MiR-19b-3p inhibits cell viability and proliferation and promotes apoptosis by targeting IGF1 in KGN cells

Abstract

Abstract Background: Endometriosis(EM) is a major cause of infertility, but the pathogenesis and mechanisms have not been fully elucidated. MiR-19b-3p is involved in many diseases, but its functional role in EM-associated infertility has not been investigated. In this study, we aimed to examine miR-19b-3p abundance and IGF1 concentration in cumulus cells (CCs) and follicular fluid in EM-associated infertility patients and to reveal the potential role of miR-19b-3p in KGN cells by identifying its target and elucidating the underlying mechanisms. Results: The results showed that compared to the control group (patients with tubal infertility), EM-associated infertility patients had a lower percentage of mature oocytes. Abundance of miR-19b-3p was increased in CCs in EM-associated infertility patients. IGF1 was a direct target of miR-19b-3p and was negatively regulated by miR-19b-3p in KGN cells. Overexpression of miR-19b-3p significantly inhibited viability and proliferation, promoted apoptosis, and arrested cell cycle at G0/G1 phase in KGN cells.
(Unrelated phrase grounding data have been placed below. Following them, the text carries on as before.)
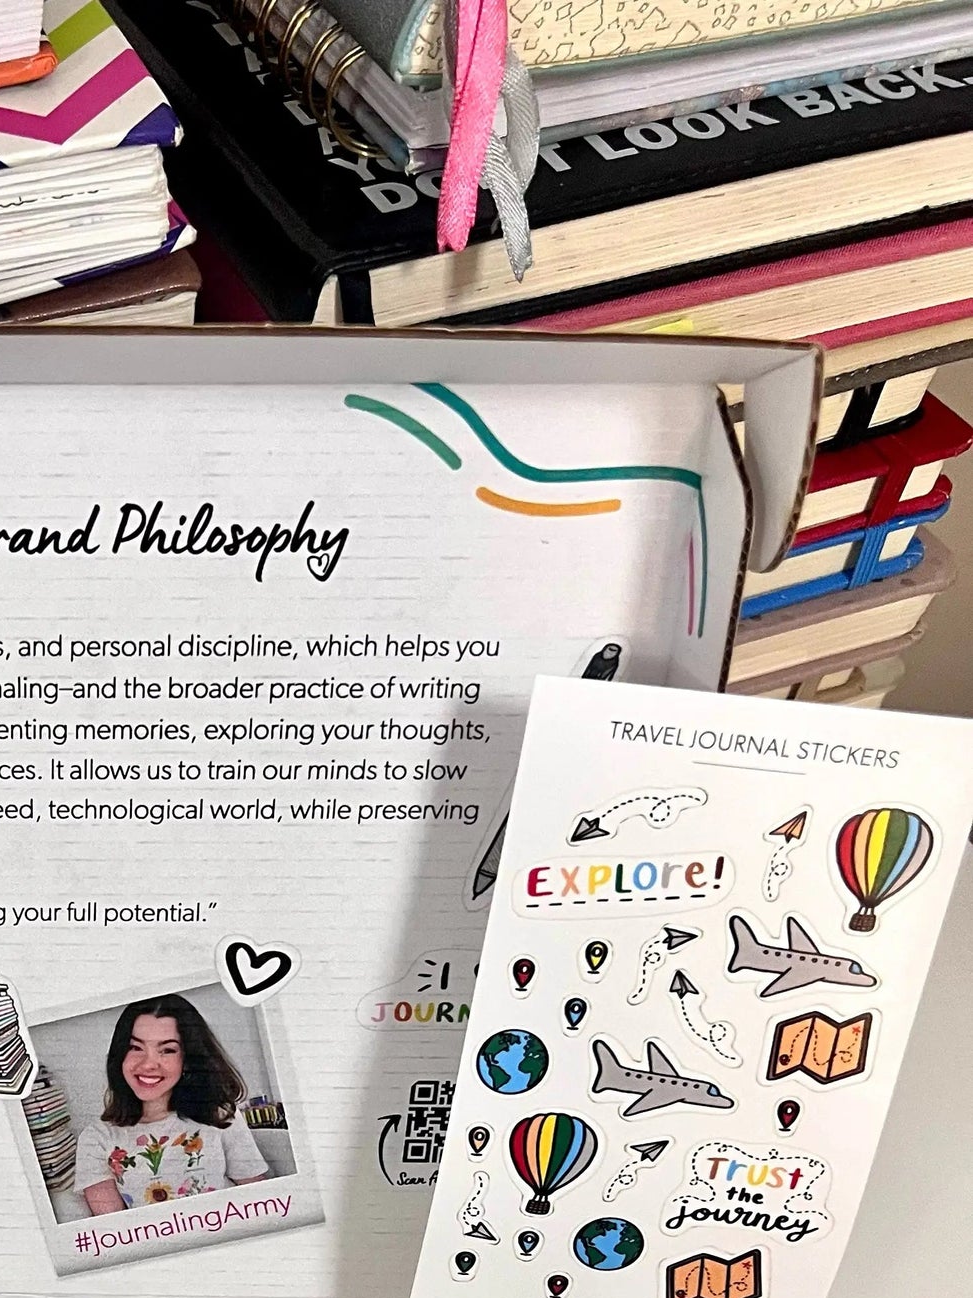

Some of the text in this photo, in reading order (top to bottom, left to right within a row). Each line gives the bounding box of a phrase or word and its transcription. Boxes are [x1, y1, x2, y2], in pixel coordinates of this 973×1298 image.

[585, 101, 780, 160] LOOK
[111, 499, 350, 583] Philosophy
[18, 634, 62, 657] and
[70, 633, 171, 663] personal
[178, 633, 298, 663] discipline,
[306, 633, 378, 657] which
[385, 633, 450, 662] helps
[455, 640, 500, 663] you
[123, 676, 162, 699] the
[168, 676, 264, 699] broader
[269, 678, 365, 704] practice
[370, 675, 399, 699] of
[398, 676, 481, 705] writing
[75, 718, 196, 744] memories,
[204, 717, 315, 746] exploring
[321, 724, 375, 746] your
[380, 717, 491, 746] thoughts,
[610, 720, 900, 769] TRAVEL JOURNAL STICKERS
[51, 758, 64, 780] It
[69, 758, 141, 780] allows
[147, 764, 172, 780] us
[178, 760, 201, 780] to
[207, 759, 256, 780] train
[262, 764, 303, 780] our
[307, 758, 377, 780] minds
[384, 760, 407, 780] to
[412, 758, 468, 781] slow
[48, 798, 204, 825] technological
[209, 798, 283, 823] world,
[290, 798, 352, 820] while
[357, 798, 480, 826] preserving
[12, 907, 62, 927] your
[66, 901, 97, 922] full
[725, 1186, 764, 1205] the
[74, 1195, 292, 1257] #JournalingArmy
[665, 1197, 820, 1243] journey
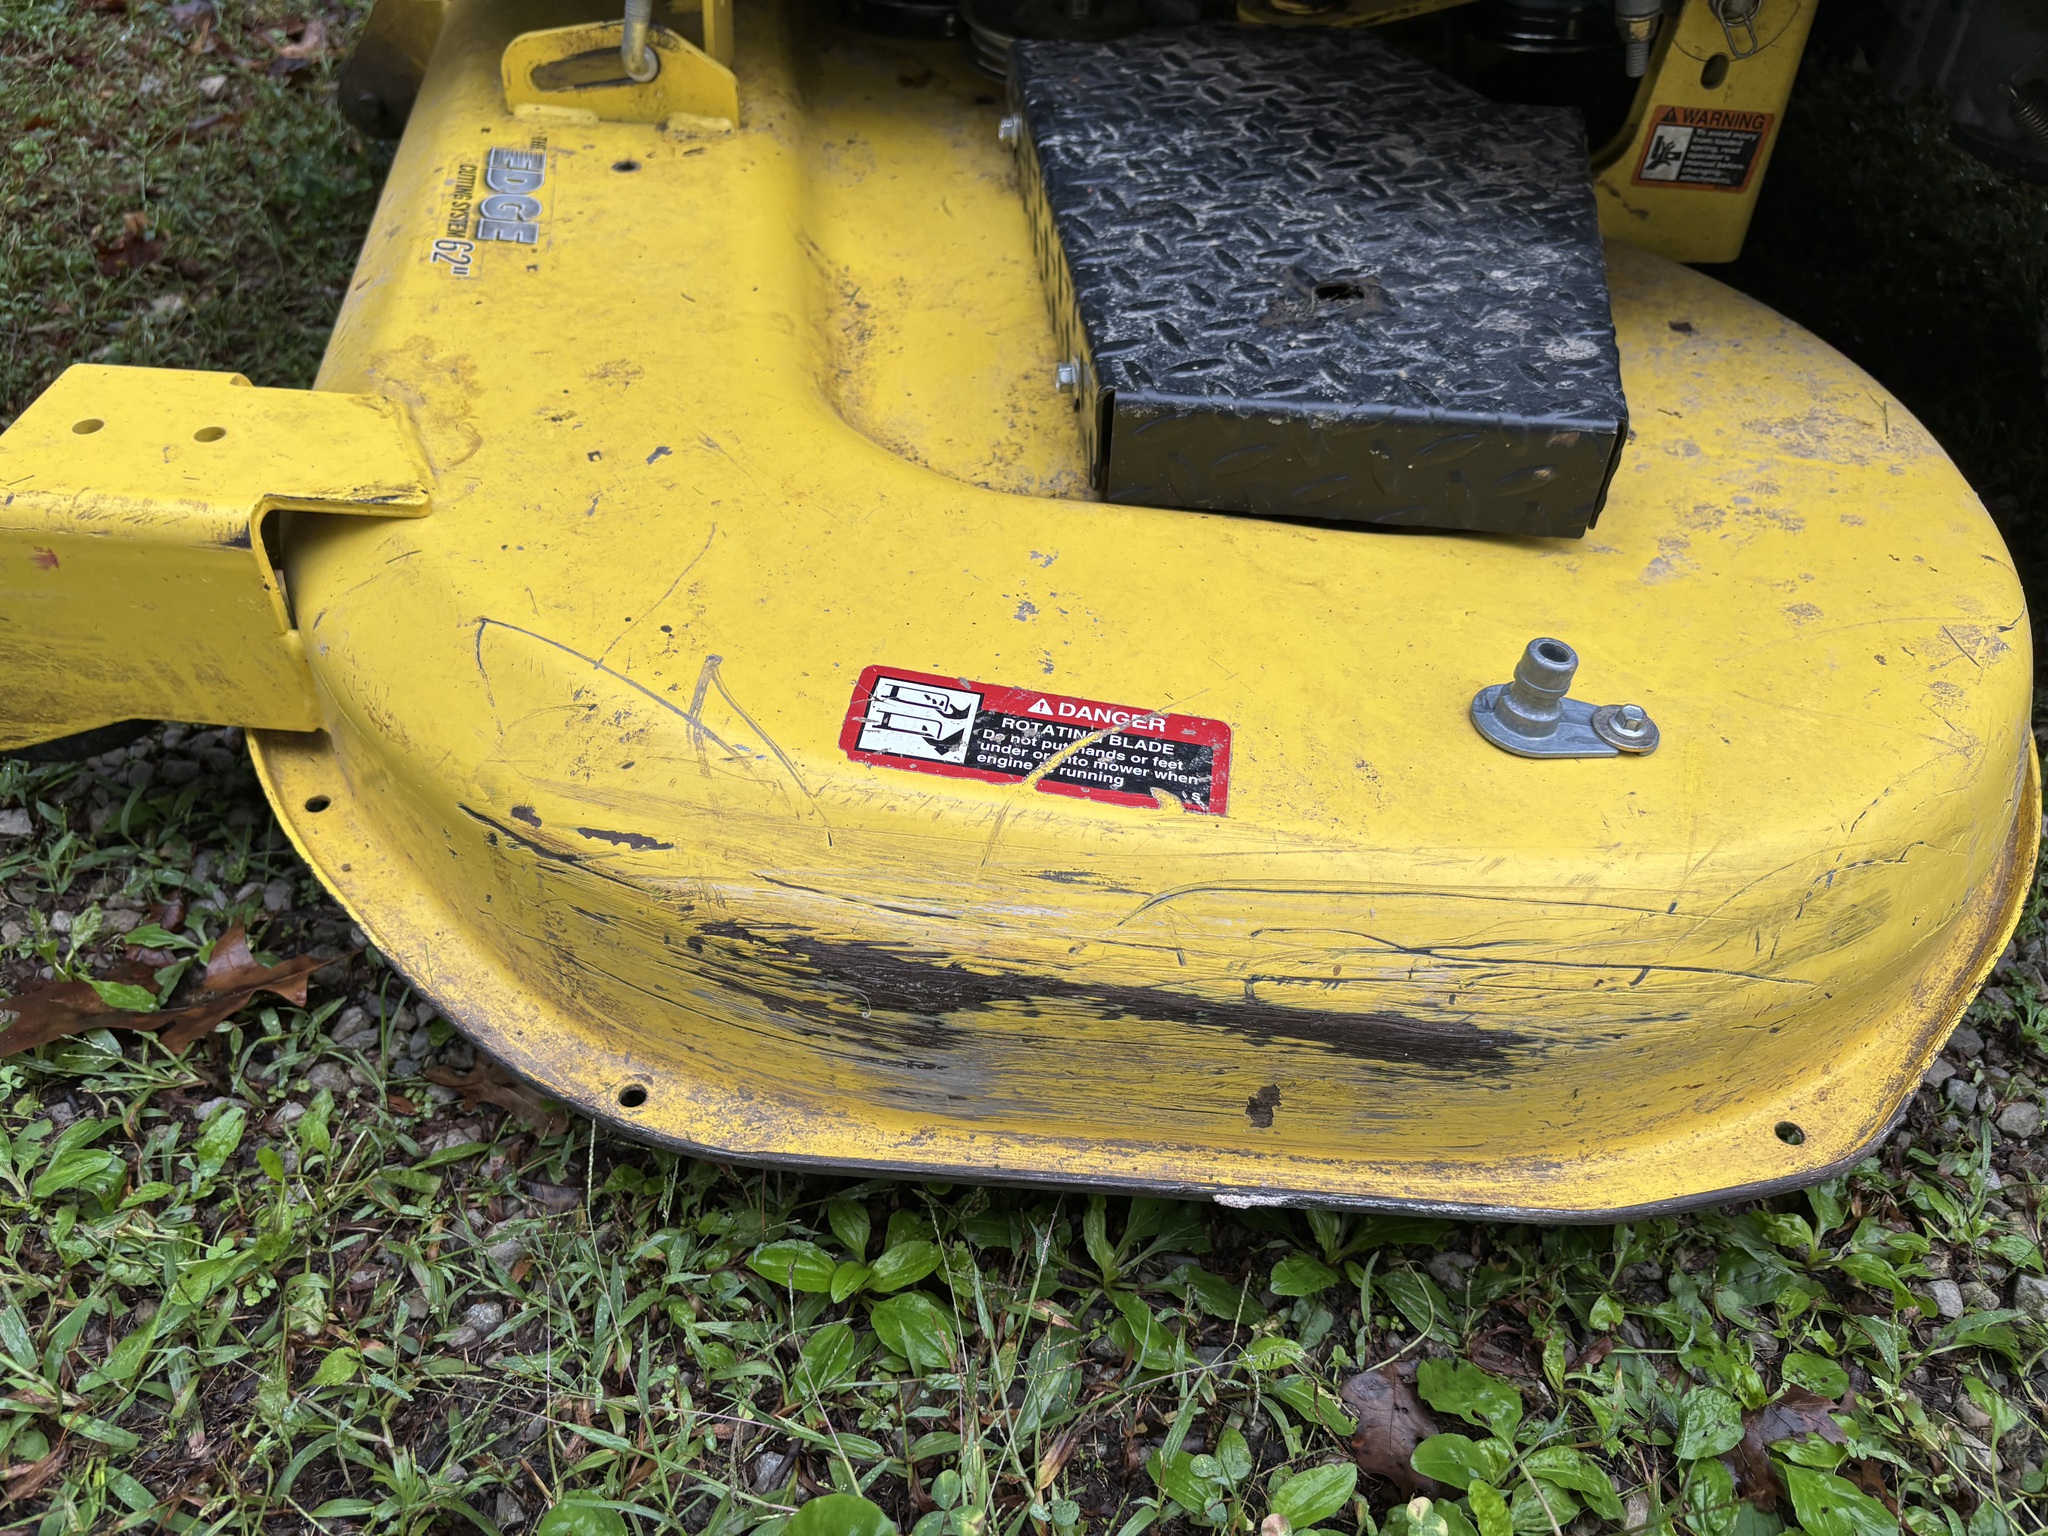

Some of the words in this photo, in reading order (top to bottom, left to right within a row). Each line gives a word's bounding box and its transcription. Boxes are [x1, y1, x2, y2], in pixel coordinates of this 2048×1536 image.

[1682, 108, 1766, 130] WARNING
[452, 163, 477, 201] CUTTING
[476, 146, 547, 244] EDGE
[446, 200, 471, 238] SYSTEM
[432, 238, 475, 275] 62"
[1058, 702, 1166, 733] DANGER
[980, 742, 1029, 757] under
[1032, 751, 1051, 760] or
[1060, 755, 1089, 767] nto
[1093, 760, 1150, 777] mower
[1154, 770, 1198, 785] when
[1010, 733, 1037, 747] not
[1130, 755, 1148, 765] or
[1152, 756, 1184, 771] feet
[1108, 735, 1175, 755] BLADE
[976, 753, 1033, 770] engine
[1059, 768, 1124, 787] running
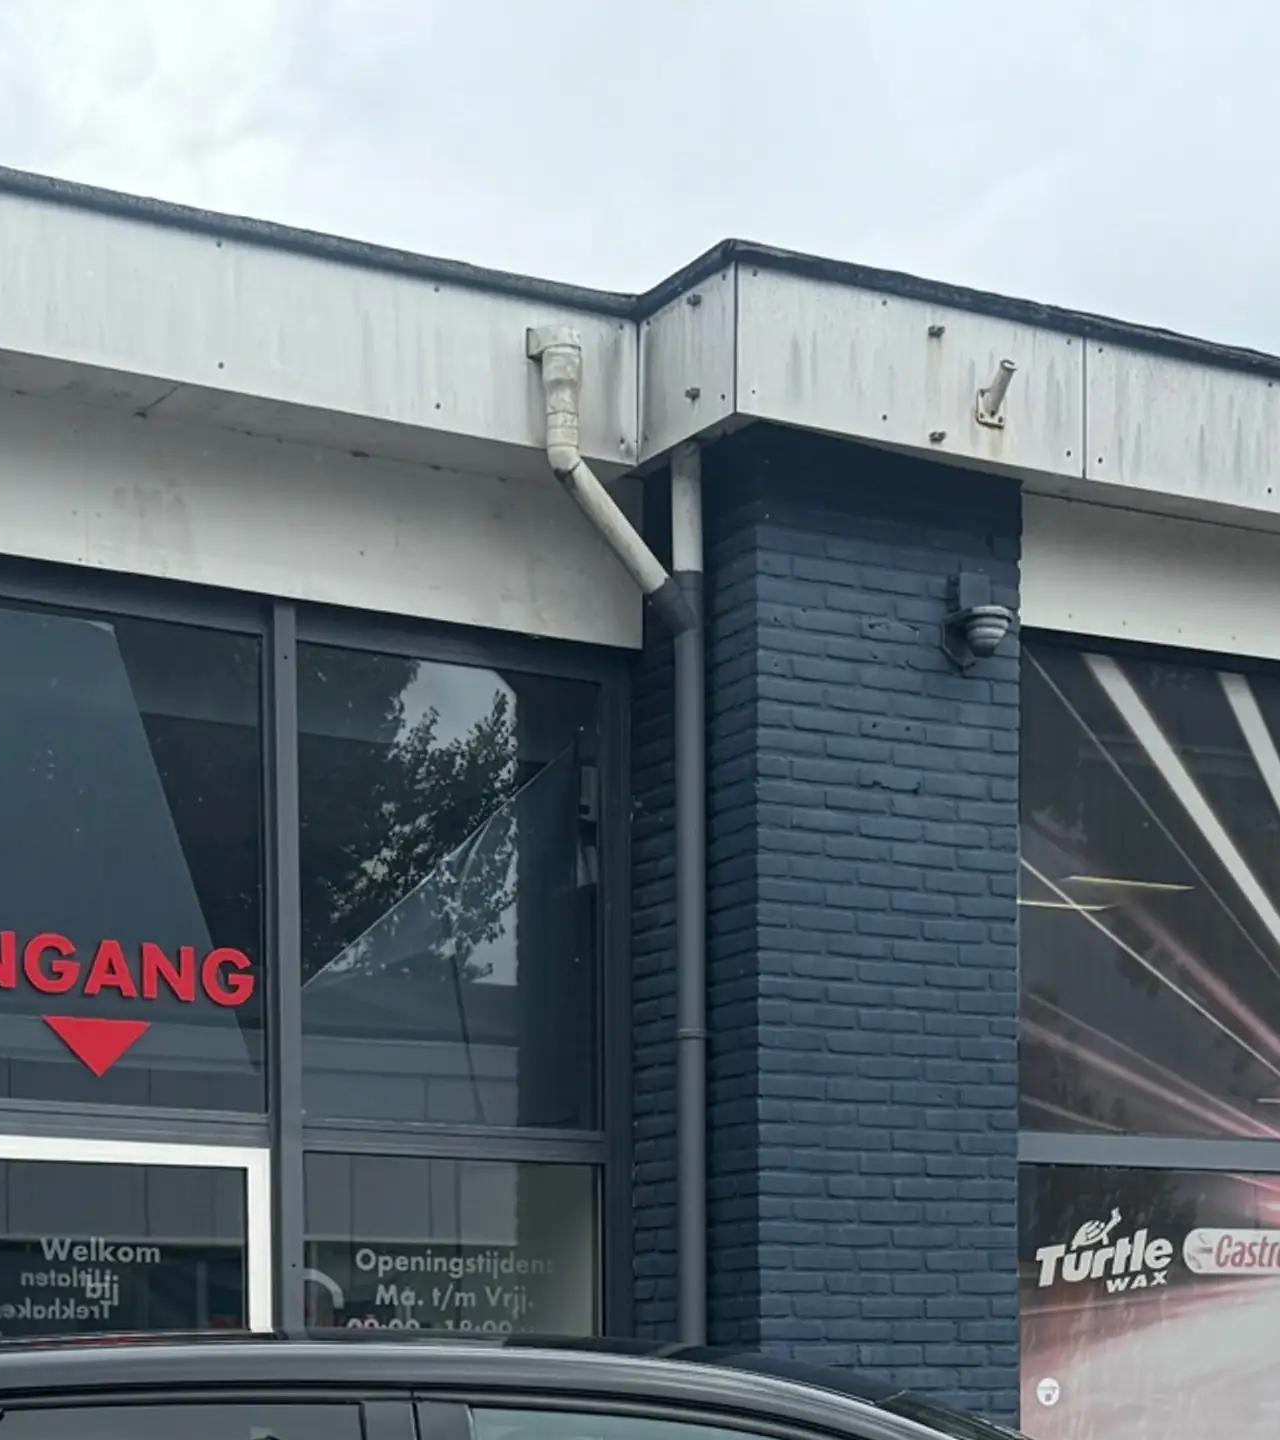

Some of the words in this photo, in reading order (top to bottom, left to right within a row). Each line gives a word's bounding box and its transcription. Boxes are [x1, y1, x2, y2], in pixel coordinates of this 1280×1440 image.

[40, 1236, 161, 1264] Welkom
[355, 1248, 553, 1280] Openingstijden:
[1035, 1229, 1173, 1287] Turtle
[1106, 1269, 1169, 1294] WAX
[375, 1283, 424, 1308] Ma.
[431, 1282, 477, 1312] t/m
The effects of miR-19b-3p could be reversed by co-transfection of IGF1 and the biological effects of miR-19b-3p in KGN cells were mediated by IGF1. In addition, miR-19b-3p targeted IGF1 to downregulate AKT phosphorylation and to participate in apoptotic pathway in KGN cells. Conclusions: This study demonstrates that miR-19b-3p abundance is increased in CCs and IGF1 concentration is decreased in follicular fluid in EM-associated infertility patients, and miR-19b-3p participates in the regulation of biological effects of KGN cells by targeting IGF1.